19 heures c'est à nouveau l'heure du feuilleton ! épisode 70

maurepas5 n°70

Les tribulations de Maurepas
Quatrième partie
Vent de terre

Épisode 70

Maurepas chevauchait devant.  La matinée était bien avancée. Il s'en voulait d'avoir dormi si longtemps. Le soleil, pas encore brisé par les nuages d'altitude, glissait sur le fond de la vallée. Le vent patientait en se contentant d'une bonne brise avant de prendre son élan pour déverser sa fureur sur les pentes arides qui dominaient majestueusement. La poussière restait clouée au sol grâce à la rosée du matin. Pas très loin, dans la montée du chemin, suivait Petit Pierre. Il avait une capacité à tenir sur son cheval tout en dormant à moitié qui étonnait Maurepas. Il se retourna pour s'en amuser.  Solange était bien plus en arrière. Elle sortait à peine du lacet que Maurepas avait passé depuis un bon moment.  Il allait se remettre droit pour faire face au dernier virage qui portait la route dans un défilé de parois vertigineuses aux couleurs violacées. Mais son attention fut retenue par l'allure inhabituelle du cheval de Solange. Il essayait de comprendre la raison de ce balancement.  Soudainement, il réalisa que cela venait de la présence d'un deuxième larron sur le dos de l’animal. La colère s'immisça en  Maurepas.  On avait ignoré sa décision, il n'avait pas l'habitude qu’on discute ses choix.  Il stoppa sa monture, la fit pivoter et attendit l'arrivée des deux autres. Maurepas bouillonnait. Le temps passait trop vite. Ou trop lentement, c'était selon. Il craignait d'arriver bien tard, de rater son frère. La peur se transforma très vite en une colère incontrôlable.  Il piaffait d'impatience, il se dit qu'il allait abandonner Paille ici, après tout qu'il se débrouille. Ce n'était qu'un fardeau inutile. Le vent s'était levé. Le soleil courrait dans les nuages qui s'enfuyaient vers la mer.   Des nuages qui se déchiraient en longs épanchements, semblant de gigantesques coups de pinceaux jetés avec rage dans le bleu brûlé par l'horizon.  Un vent moins puissant que la veille qui prenait juste un peu de repos avant de dévaster la vallée. 

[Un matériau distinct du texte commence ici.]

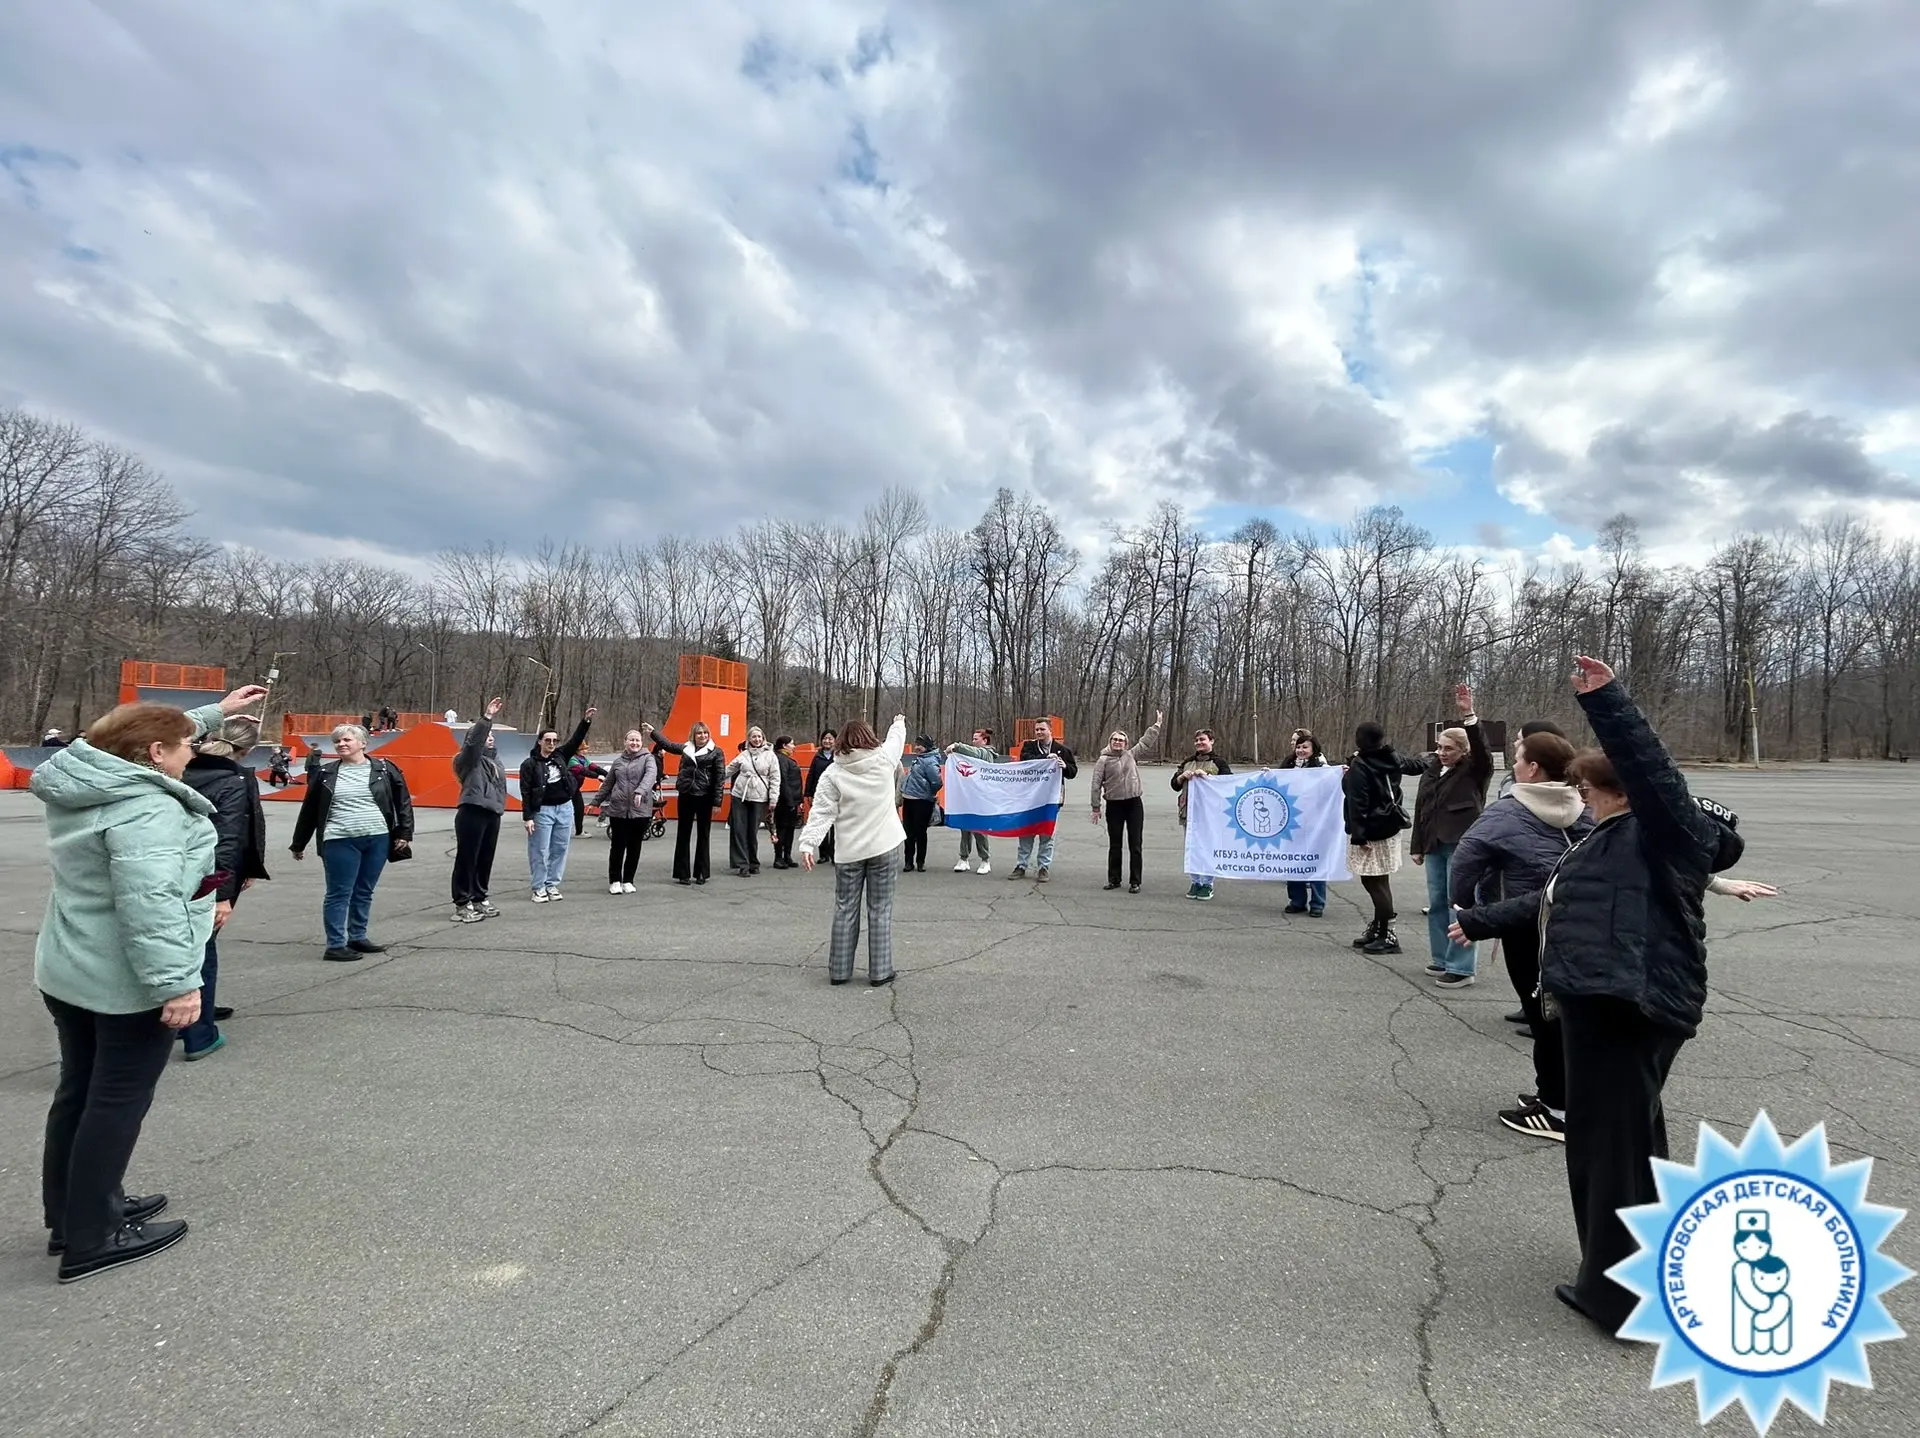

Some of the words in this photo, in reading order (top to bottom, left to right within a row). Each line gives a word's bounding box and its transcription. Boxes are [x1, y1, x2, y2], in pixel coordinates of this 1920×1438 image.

[980, 767, 1016, 775] ПРОФСОЮЗ
[980, 774, 1040, 782] ЗДРАВООХРАНЕНИЯ
[1213, 849, 1238, 859] КГБУЗ
[1215, 863, 1255, 872] детская
[1258, 864, 1317, 874] больница»

Est-ce le regard de Solange, profond, pénétrant et doux à la fois ? Ou bien la tête de Paille, émergeant au-dessus de l'épaule, le visage balayé par la chevelure en bataille de Solange ? Ou tout simplement l'attente, sur ce cheval impassible d'une tranquillité froide ? Toute sa colère s'était dissipée d'un coup. Leur monture semblait insensible à la charge. Le cheval grimpait la pente sans effort. Petit Pierre était à leur côté. Pas un mot ne fut prononcé, des échanges de regards, des intentions suspendues, et surtout l'immobilité qui amène à l'imposture du mouvement. Les deux autres chevaux reprirent la route, comme s’il en allait ainsi de leur propre décision. Plus dépité qu’autre chose, Maurepas tourna la bride, mais il ne l'aurait pas fait que le cheval de lui-même eut pris sa place à la suite des autres.  Ils cheminèrent ainsi jusqu'à l'entrée du défilé. Les lacets s'arrêtaient pour laisser place à une longue route à peine sinueuse qui suivait la Girance à bonne hauteur. L'inclinaison était moindre. Il faisait une chaleur moite. L'évaporation du matin se mêlait à l'air brûlant.  Les corps supportaient difficilement le frottement des tissus.

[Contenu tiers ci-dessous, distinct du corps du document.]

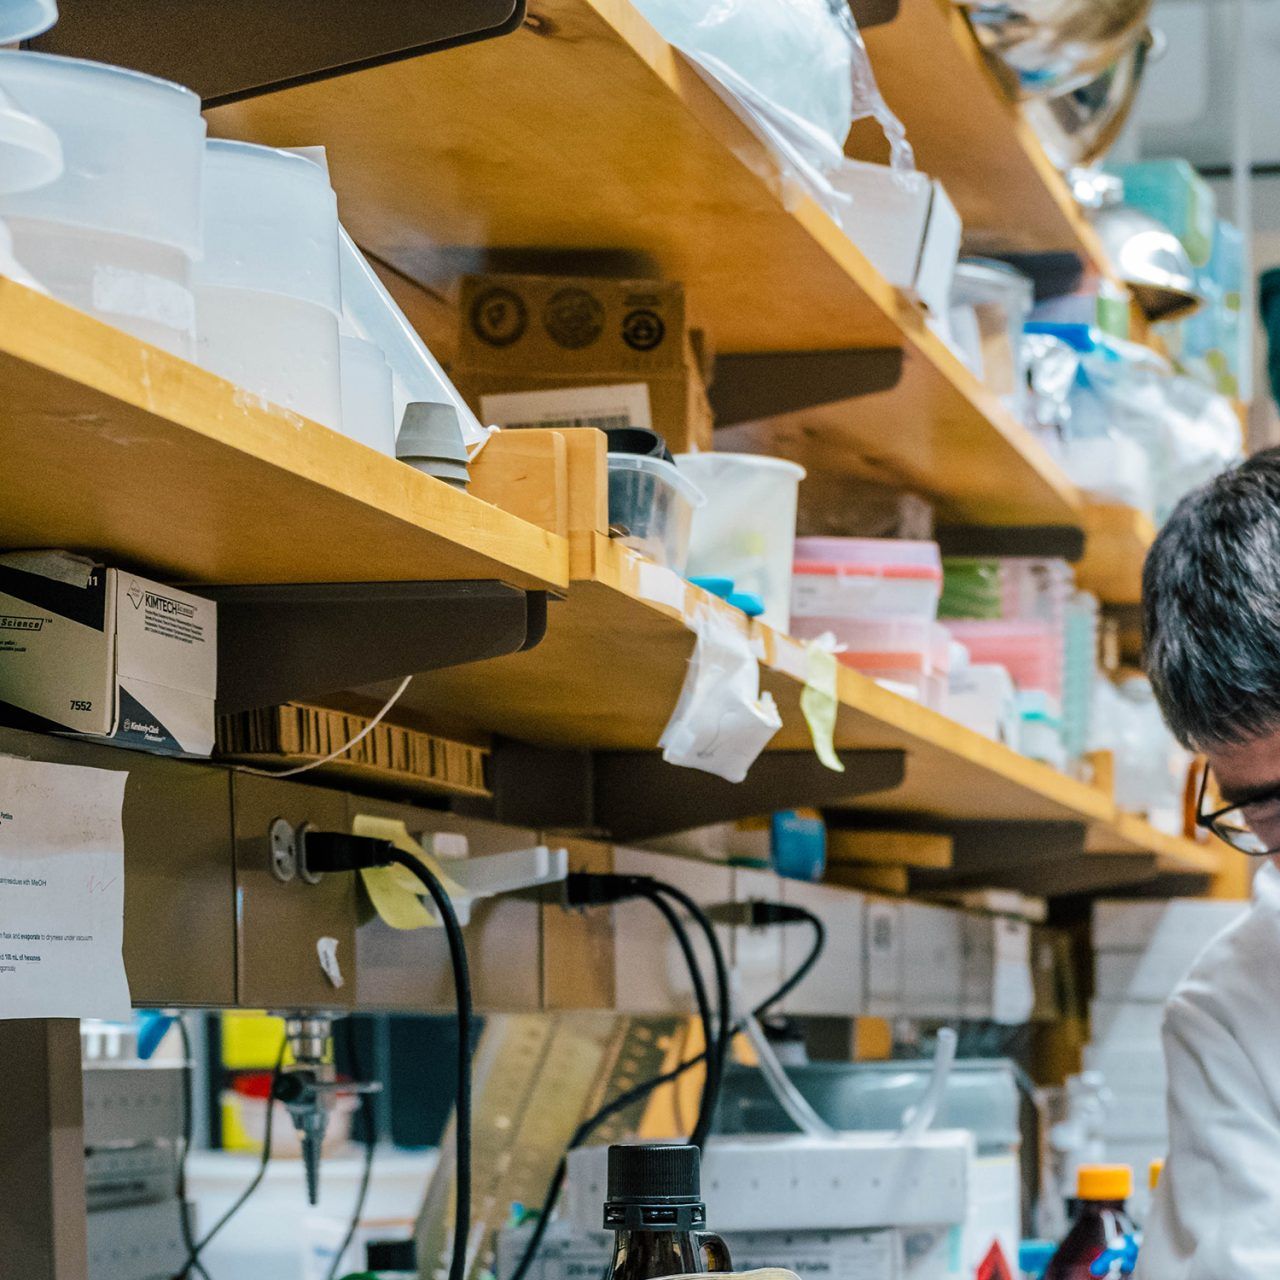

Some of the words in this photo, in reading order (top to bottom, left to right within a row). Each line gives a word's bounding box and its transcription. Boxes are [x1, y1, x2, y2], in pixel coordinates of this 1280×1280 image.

[145, 594, 177, 615] KIMTECH
[1, 619, 40, 629] Science
[70, 700, 92, 711] 7552
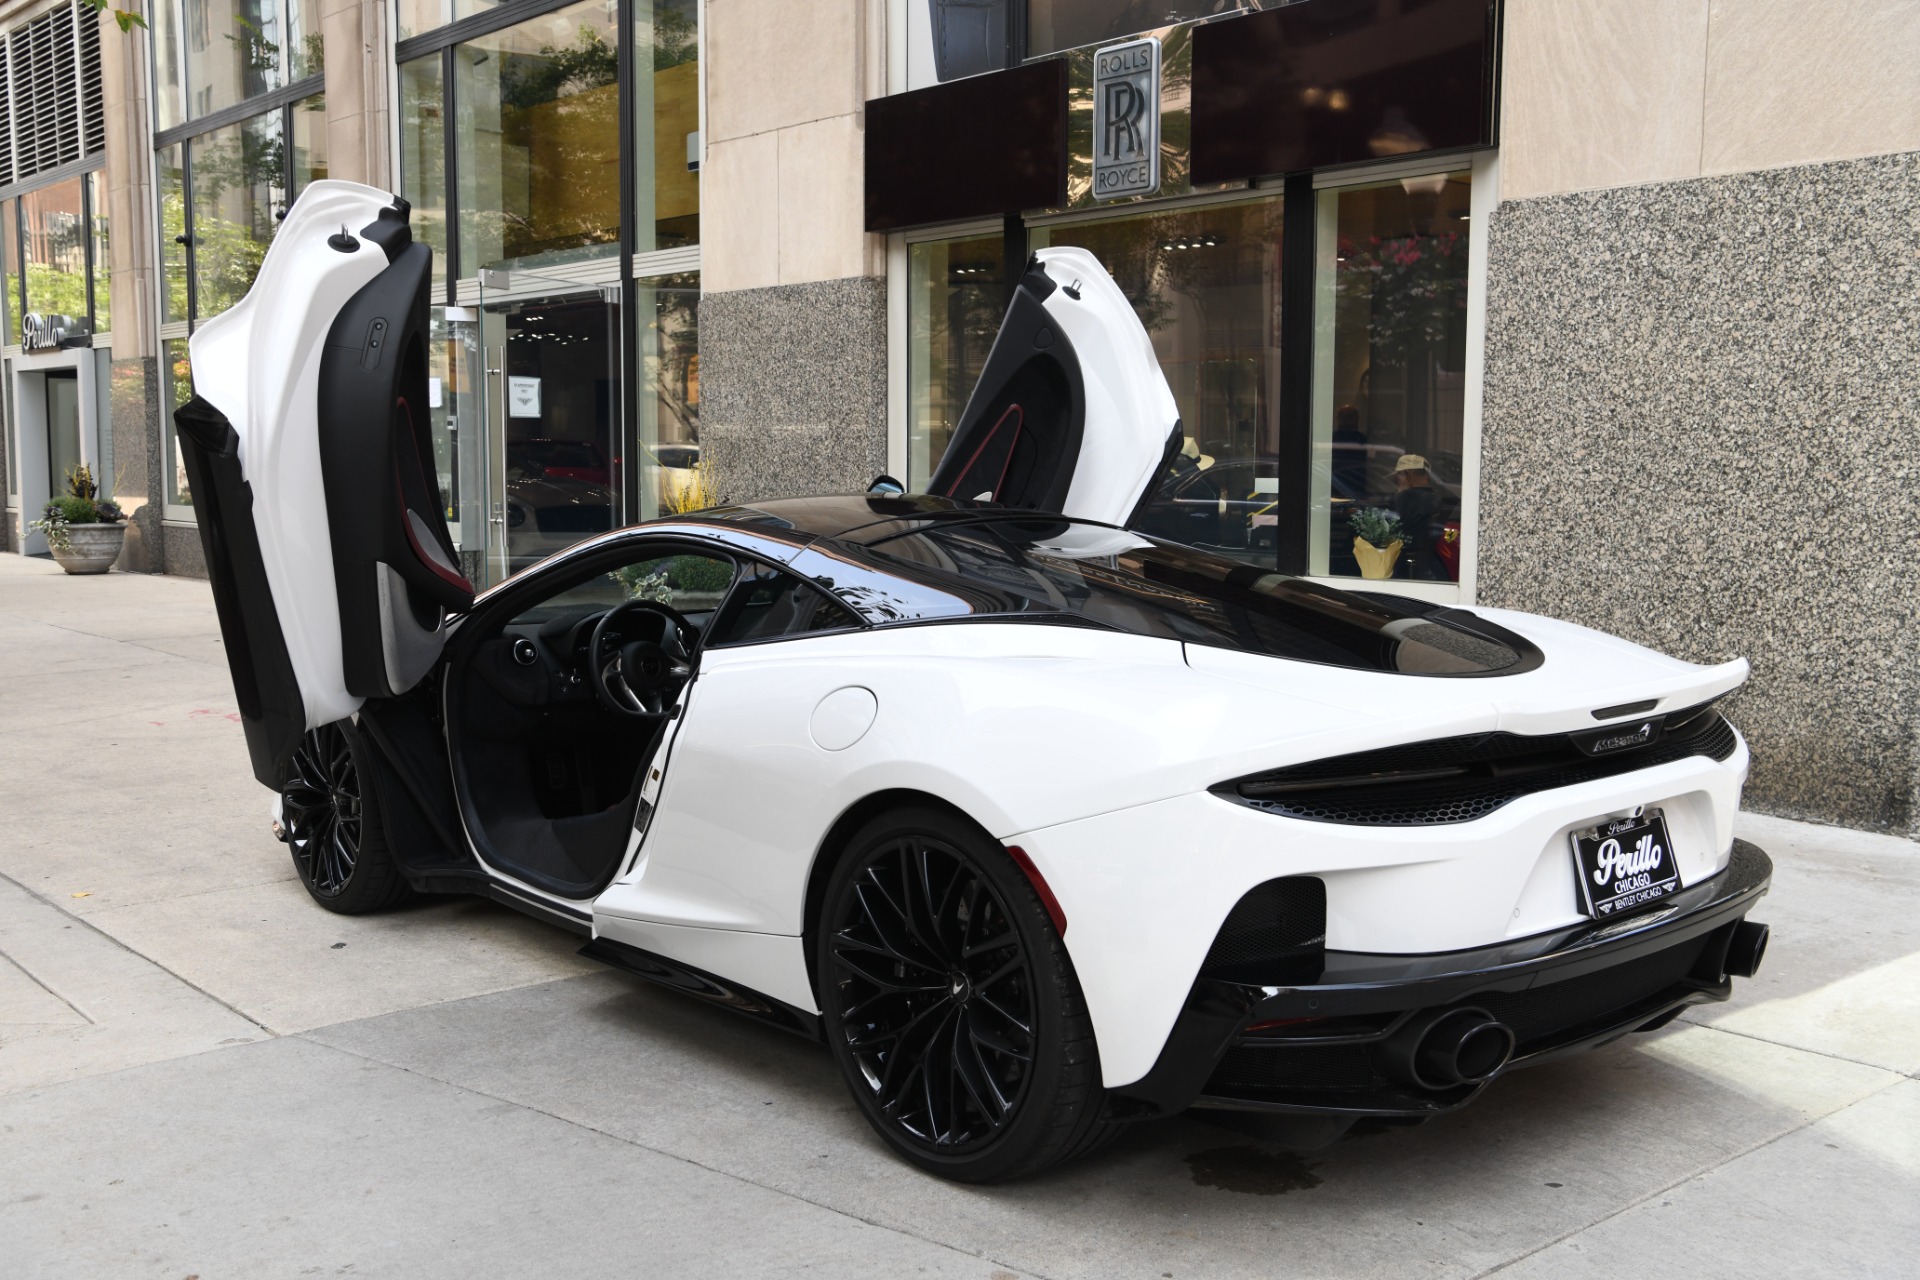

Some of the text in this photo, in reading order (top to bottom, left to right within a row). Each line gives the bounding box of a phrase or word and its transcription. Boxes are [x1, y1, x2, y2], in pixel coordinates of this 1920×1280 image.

[1100, 49, 1148, 75] ROLLS
[1099, 166, 1147, 189] ROYCE
[22, 313, 58, 350] Perillo
[1607, 818, 1636, 836] Perillo
[1593, 834, 1662, 886] Perillo
[1614, 872, 1651, 894] CHICAGO
[1614, 886, 1662, 910] BENTLEY CHICAGO

Aux alentours de midi, ils s’engagèrent sur une sente qui dégringolait dans la broussaille touffue et courte faisant rempart jusqu’à la rivière. Les quatre cavaliers descendirent de leurs chevaux pour les mener par le licou. Le bruissement cristallin de l’eau pure, quand elle se jetait sur les roches qui parsemaient le lit de la rivière, prenait une ampleur qui envahissait tout l’espace. Le chemin finissait en pente douce pour mourir au bord de l’eau.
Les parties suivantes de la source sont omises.